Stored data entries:
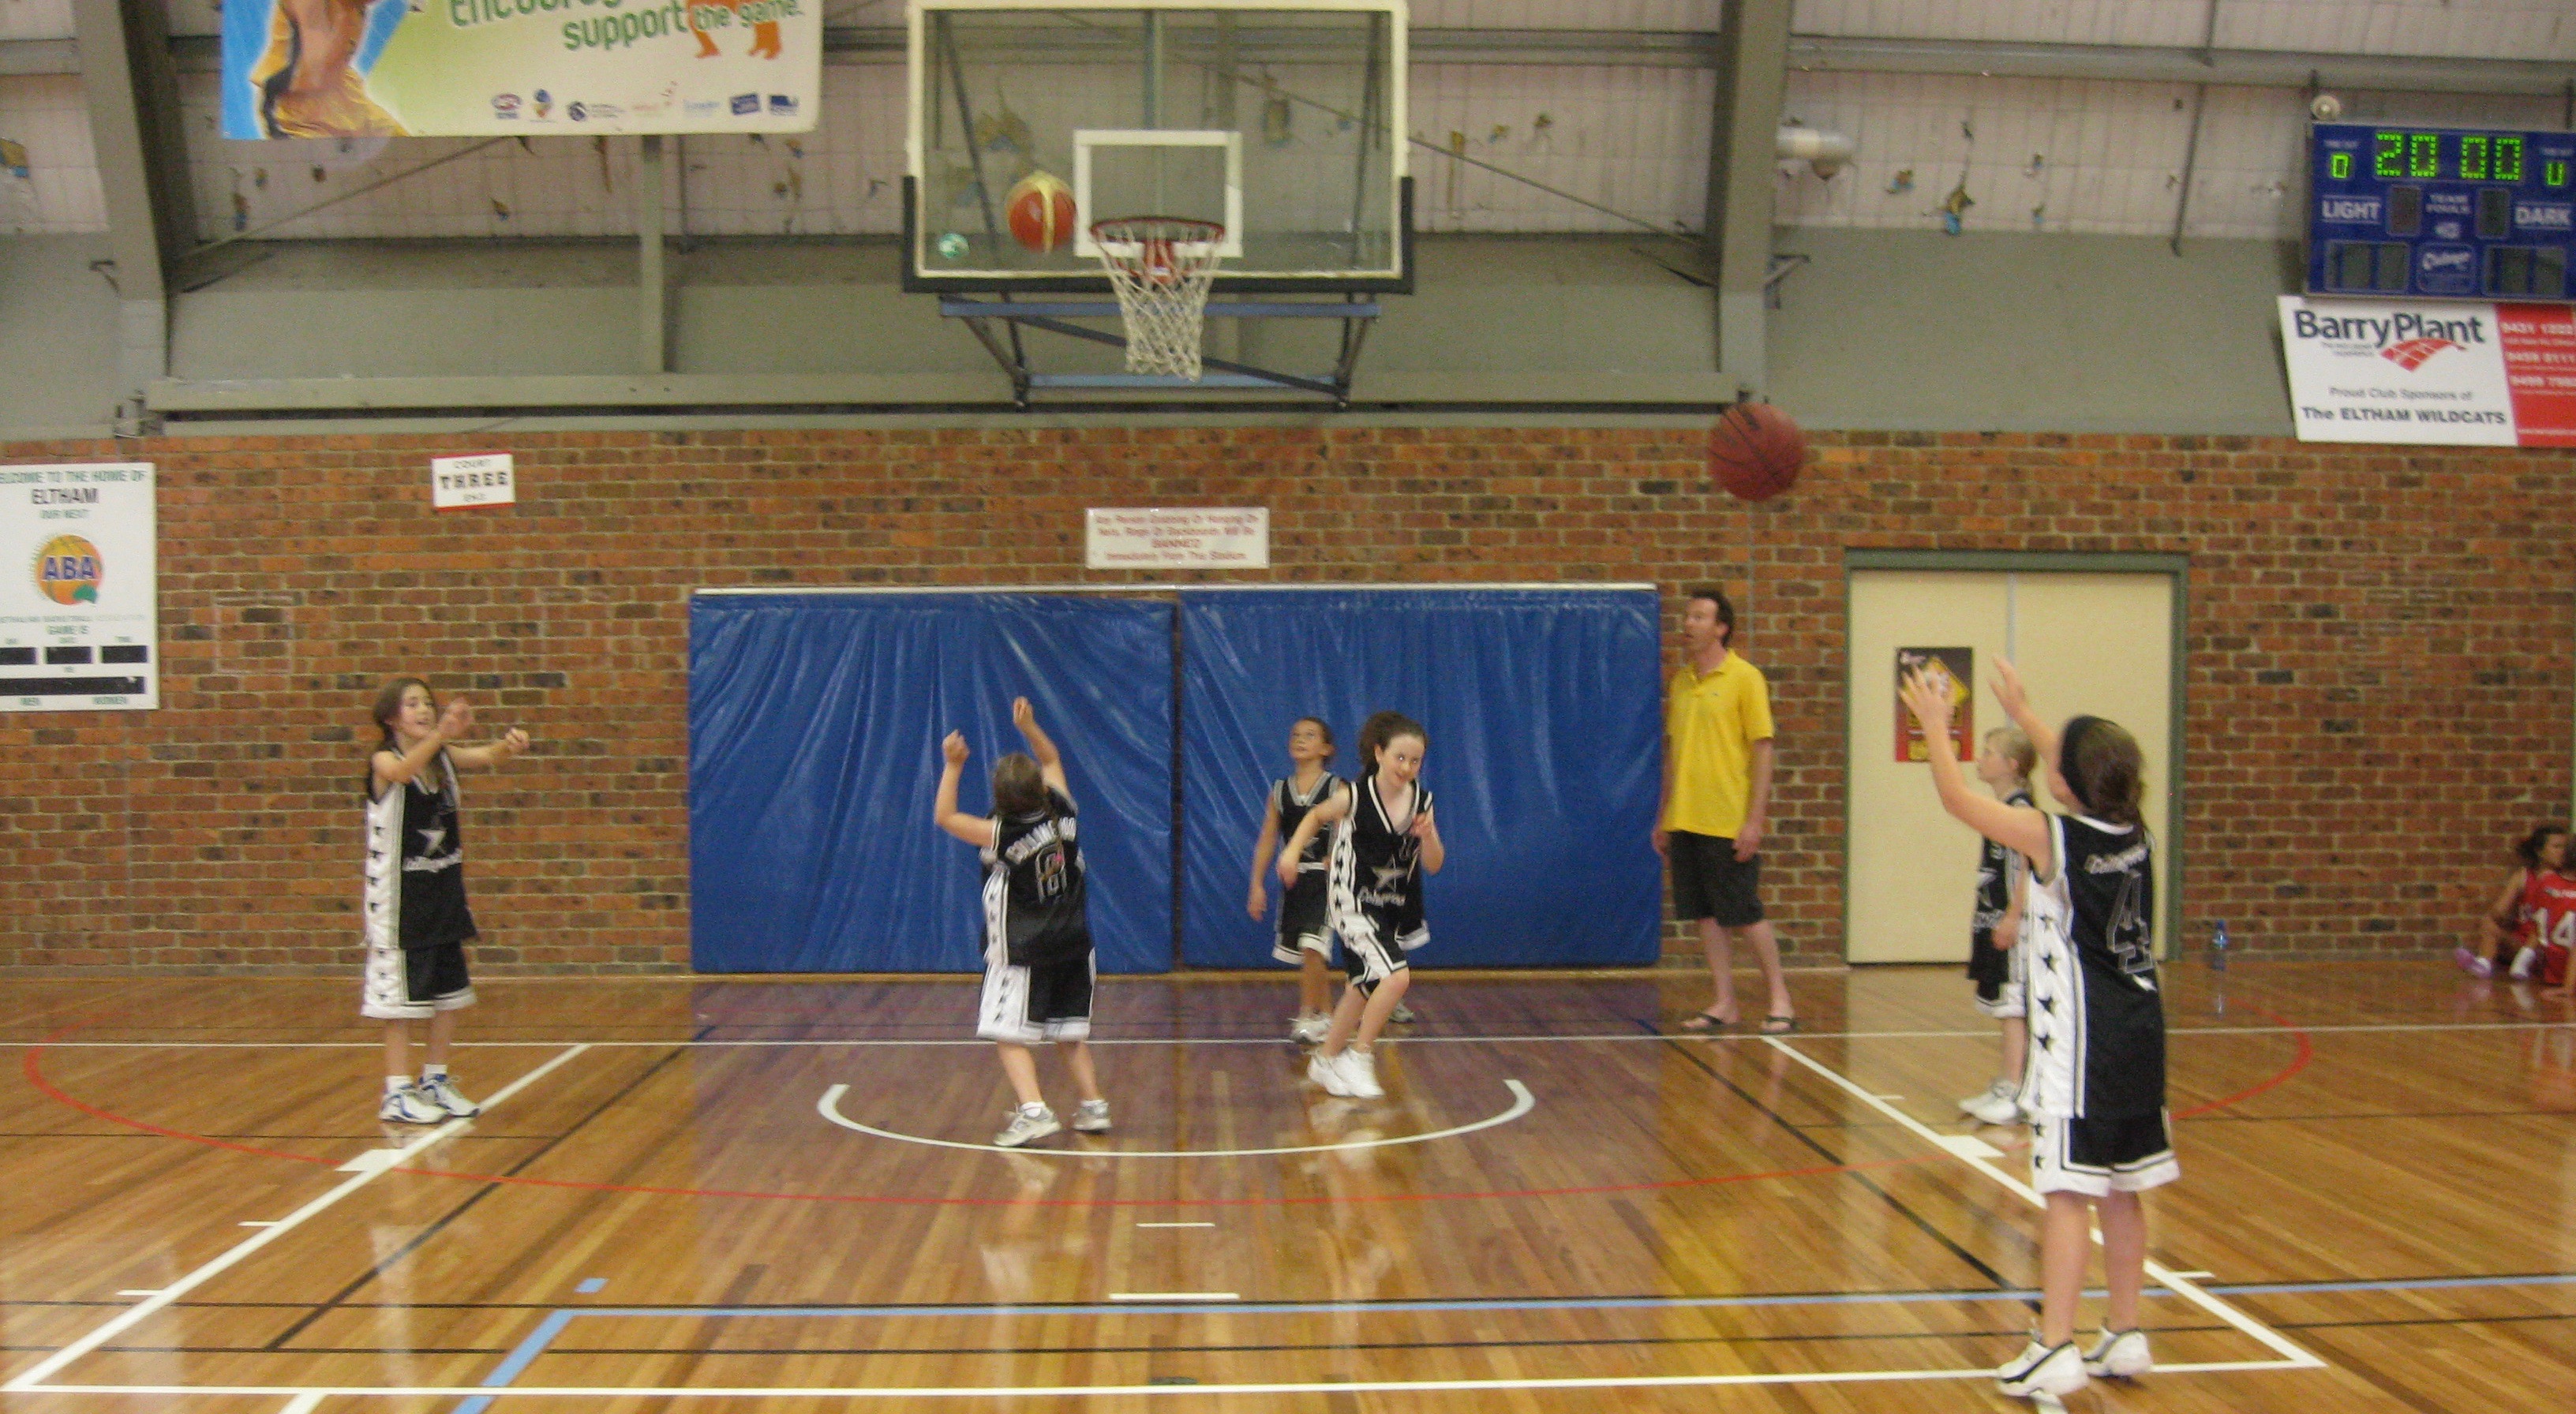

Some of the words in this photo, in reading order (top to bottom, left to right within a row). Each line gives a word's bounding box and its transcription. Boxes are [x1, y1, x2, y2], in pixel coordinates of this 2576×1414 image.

[563, 0, 688, 50] support
[2376, 132, 2437, 178] 20
[2322, 200, 2381, 219] LIGHT
[2514, 207, 2572, 226] DARK
[2301, 406, 2334, 420] The
[2340, 407, 2411, 423] ELTHAM
[2416, 410, 2507, 425] WILDCATS
[0, 472, 43, 484] ELCOME
[65, 470, 90, 482] THE
[92, 469, 127, 482] HOME
[440, 471, 507, 490] THREE
[32, 487, 99, 504] ELTHAM
[44, 556, 95, 581] ABA
[2531, 907, 2576, 948] 14
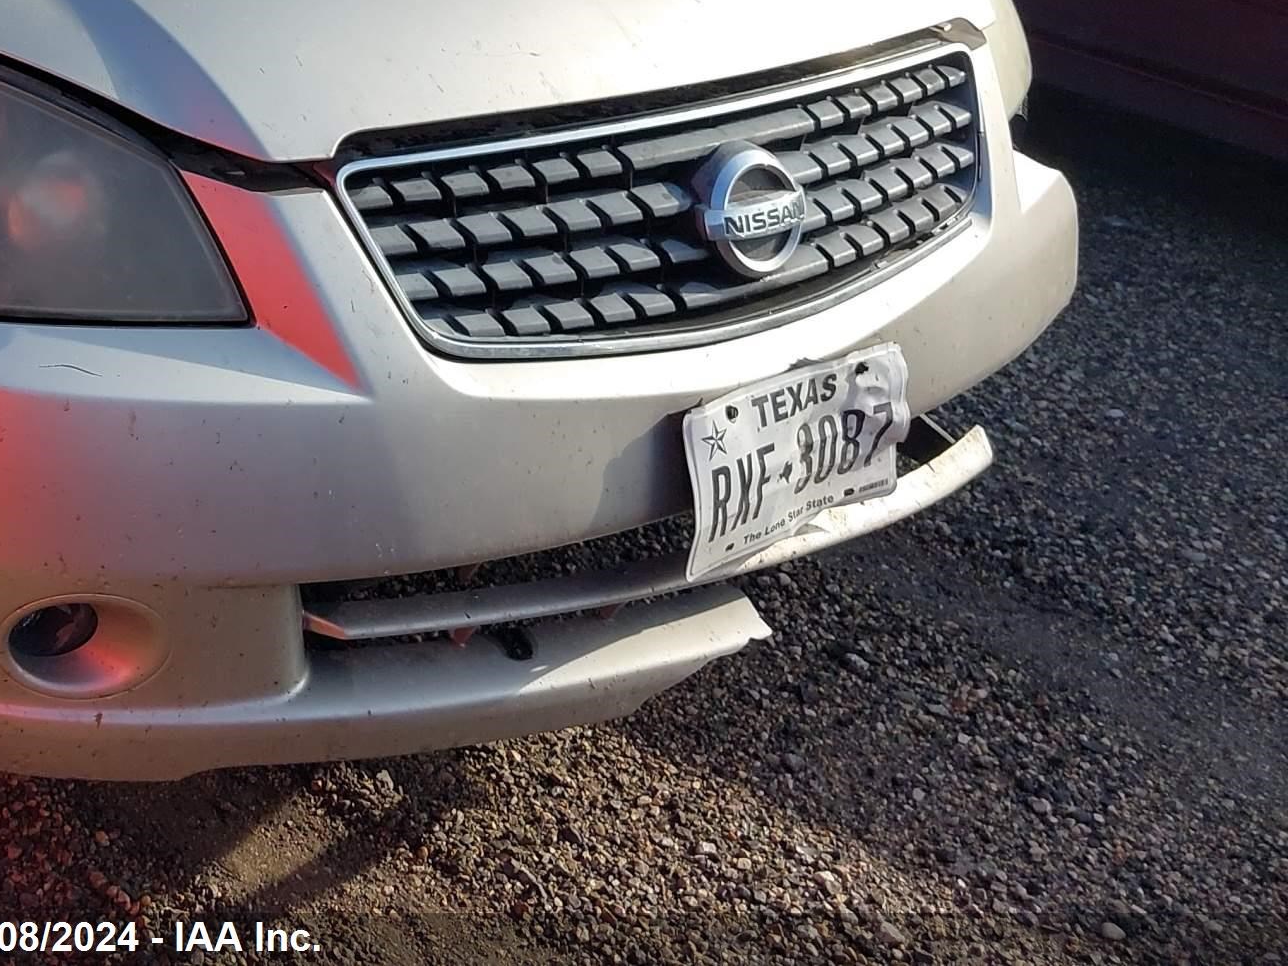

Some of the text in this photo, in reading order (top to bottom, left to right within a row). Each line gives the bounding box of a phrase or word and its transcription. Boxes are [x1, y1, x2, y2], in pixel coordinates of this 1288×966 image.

[723, 199, 805, 236] NISSAN
[751, 373, 837, 430] TEXAS
[708, 401, 894, 544] RXF 3087
[743, 494, 834, 545] The Lone Star State

▶ **Work request**: Output the records verbatim without pictures.

▶ **Answer to the exercise**:
Some of the words in this photo, in reading order (top to bottom, left to right within a row). Each line gives a word's bounding box and its transcription. Boxes are [x1, y1, x2, y2], in pixel coordinates of this 2576×1414 image.

[563, 0, 688, 50] support
[2376, 132, 2437, 178] 20
[2322, 200, 2381, 219] LIGHT
[2514, 207, 2572, 226] DARK
[2301, 406, 2334, 420] The
[2340, 407, 2411, 423] ELTHAM
[2416, 410, 2507, 425] WILDCATS
[0, 472, 43, 484] ELCOME
[65, 470, 90, 482] THE
[92, 469, 127, 482] HOME
[440, 471, 507, 490] THREE
[32, 487, 99, 504] ELTHAM
[44, 556, 95, 581] ABA
[2531, 907, 2576, 948] 14

Some of the text in this photo, in reading order (top to bottom, left to right within a row). Each line gives the bounding box of a phrase or word and its transcription. Boxes are [x1, y1, x2, y2], in pixel coordinates of this 1288×966 image.

[723, 199, 805, 236] NISSAN
[751, 373, 837, 430] TEXAS
[708, 401, 894, 544] RXF 3087
[743, 494, 834, 545] The Lone Star State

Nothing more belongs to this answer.